Pictures aside, each entry has to be returned exactly as it stands.

▸ Records for this exercise
■ ■ ■ ■ ■ ■ ■

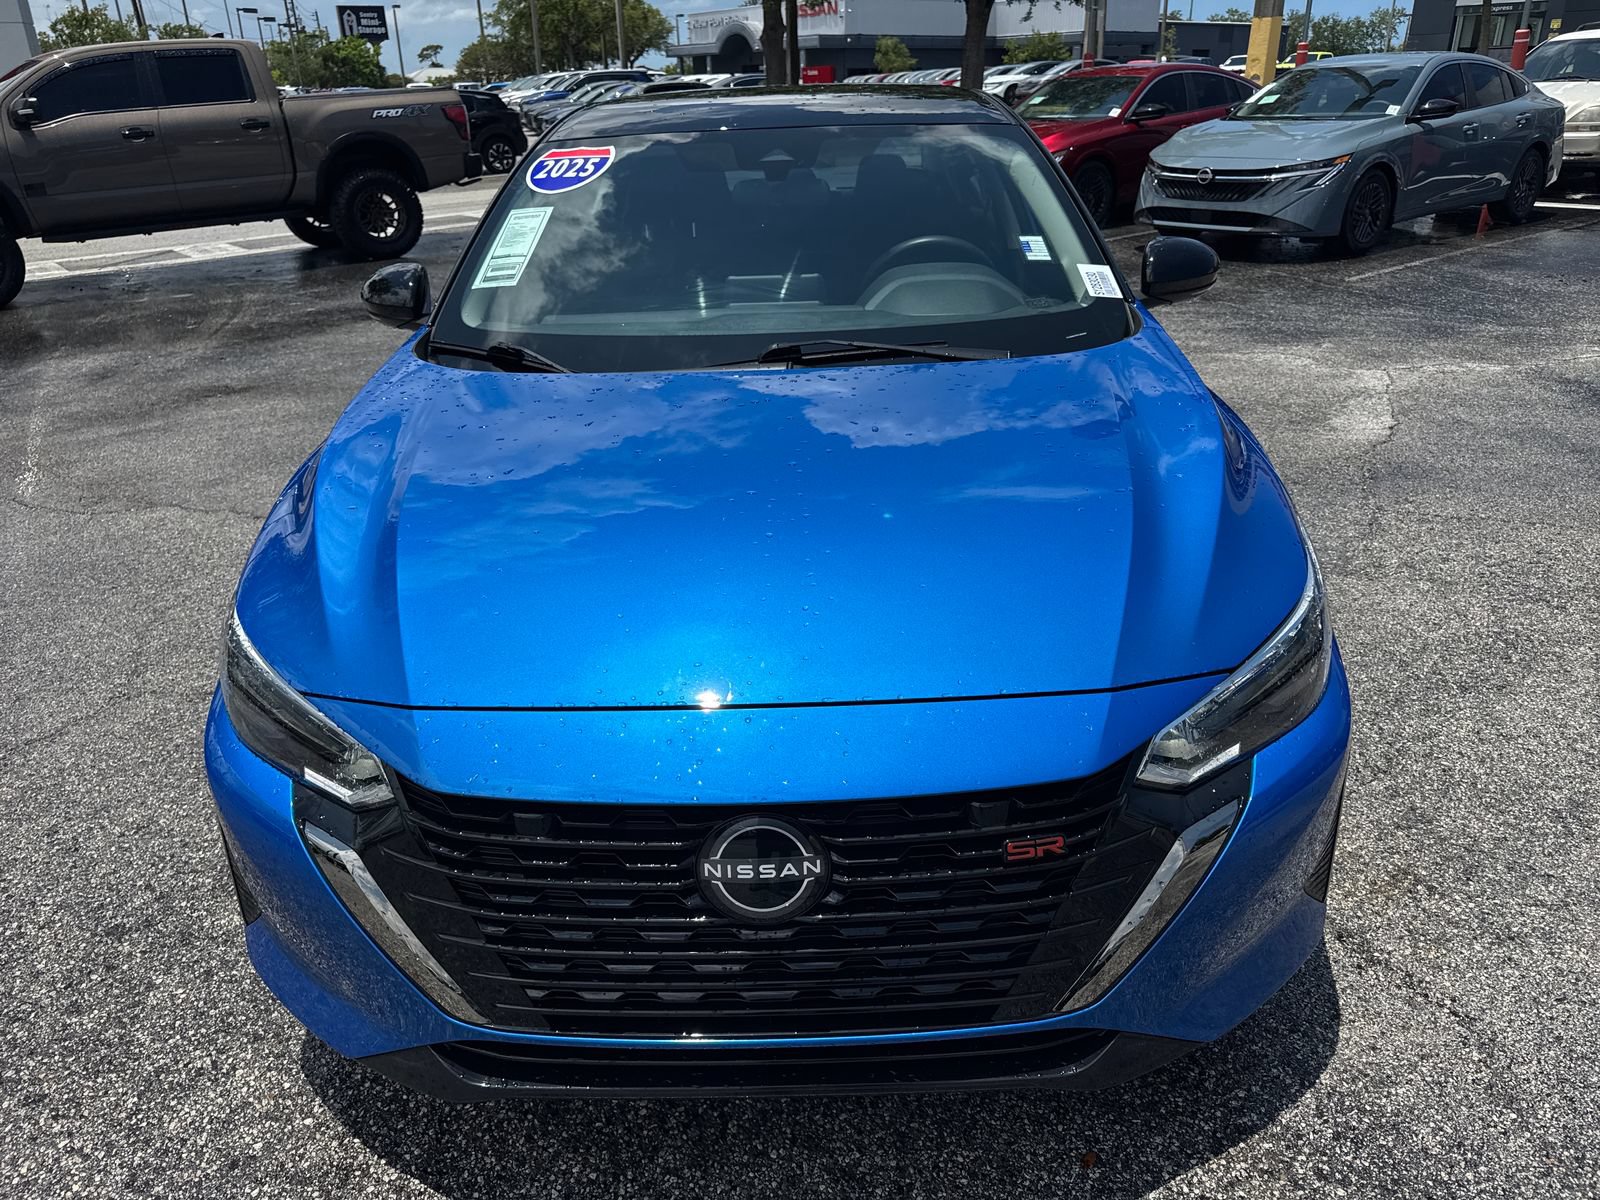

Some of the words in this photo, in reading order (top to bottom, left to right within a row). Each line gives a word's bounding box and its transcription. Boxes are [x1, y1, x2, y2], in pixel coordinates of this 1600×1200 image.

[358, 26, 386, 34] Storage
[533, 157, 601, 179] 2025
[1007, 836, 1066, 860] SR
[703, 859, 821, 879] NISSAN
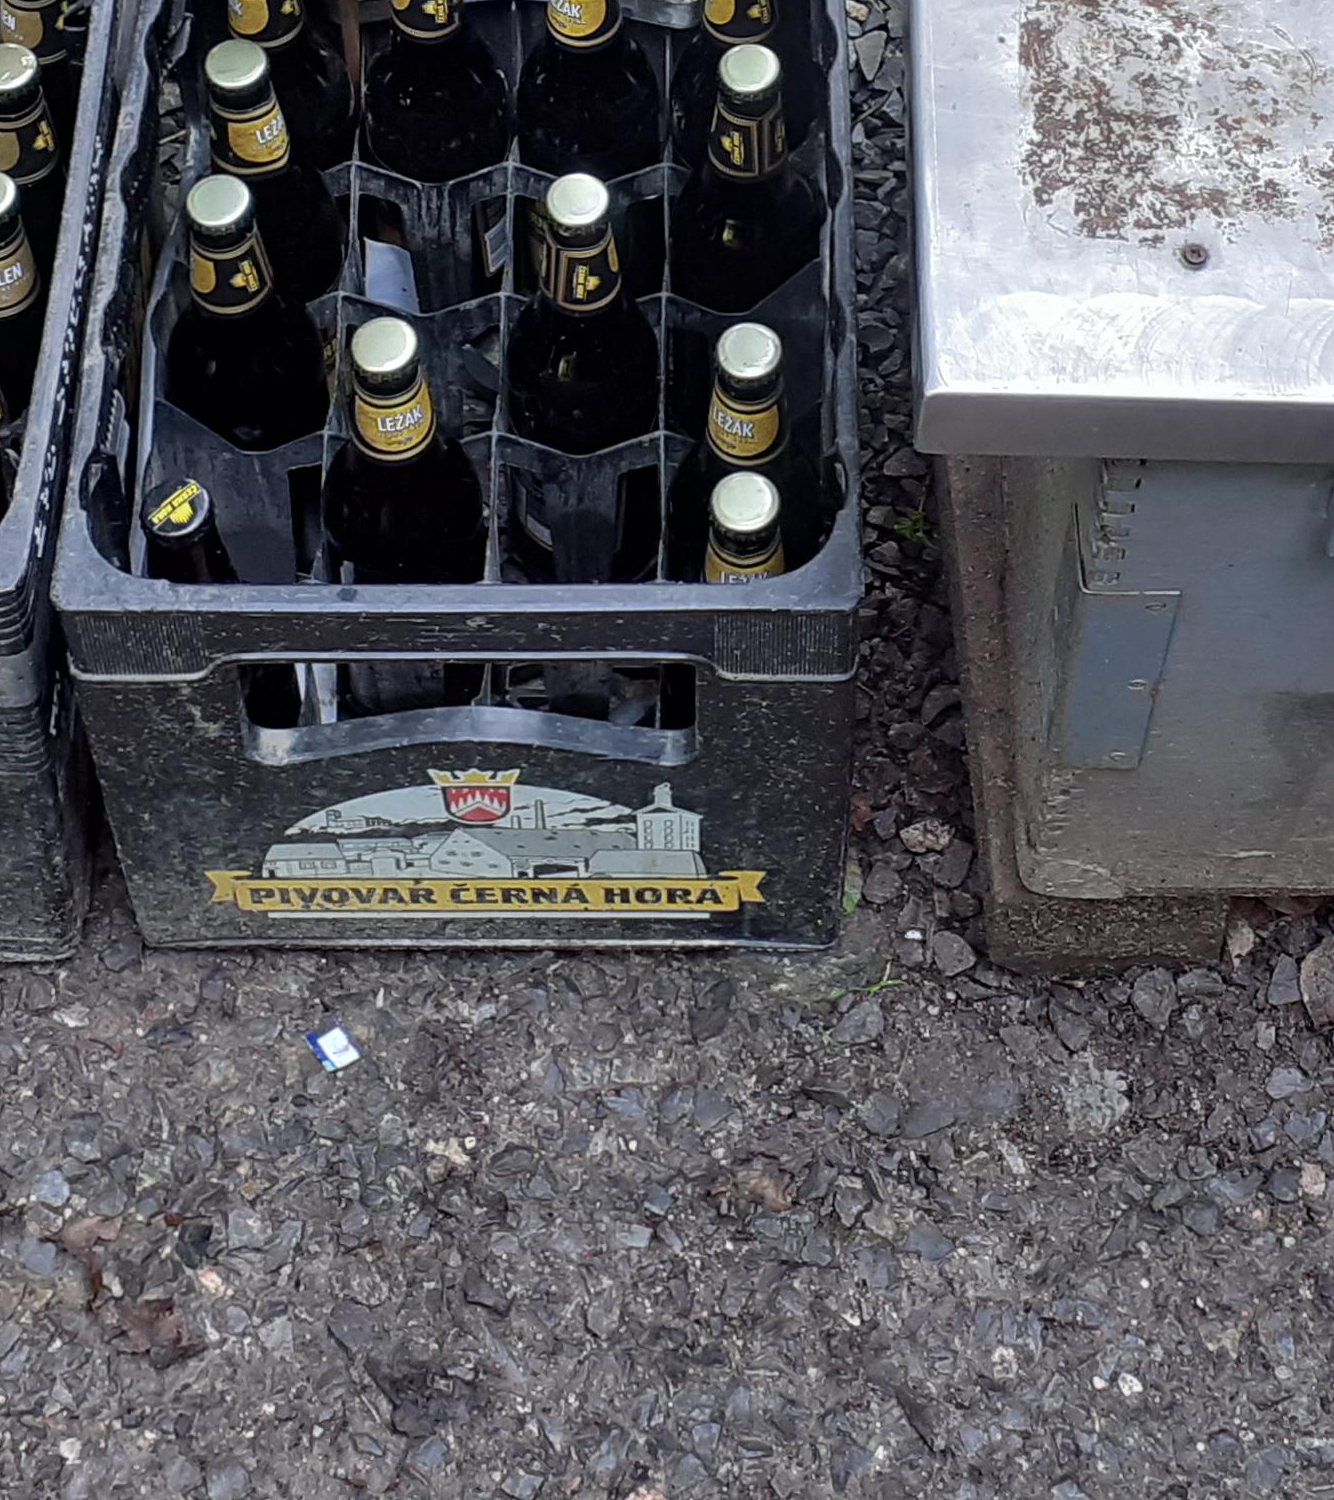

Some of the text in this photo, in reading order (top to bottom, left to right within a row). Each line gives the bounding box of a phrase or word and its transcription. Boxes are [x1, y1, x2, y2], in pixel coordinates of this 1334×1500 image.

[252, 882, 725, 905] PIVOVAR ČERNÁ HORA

■ ■ ■ ■ ■ ■ ■

▸ Exercise result
Some of the words in this photo, in reading order (top to bottom, left to right within a row). Each line gives a word's bounding box and its transcription. Boxes are [x1, y1, x2, y2], in pixel coordinates of this 1600×1200 image.

[358, 26, 386, 34] Storage
[533, 157, 601, 179] 2025
[1007, 836, 1066, 860] SR
[703, 859, 821, 879] NISSAN

Some of the text in this photo, in reading order (top to bottom, left to right within a row). Each line gives the bounding box of a phrase or word and its transcription. Boxes are [x1, y1, x2, y2], in pixel coordinates of this 1334×1500 image.

[252, 882, 725, 905] PIVOVAR ČERNÁ HORA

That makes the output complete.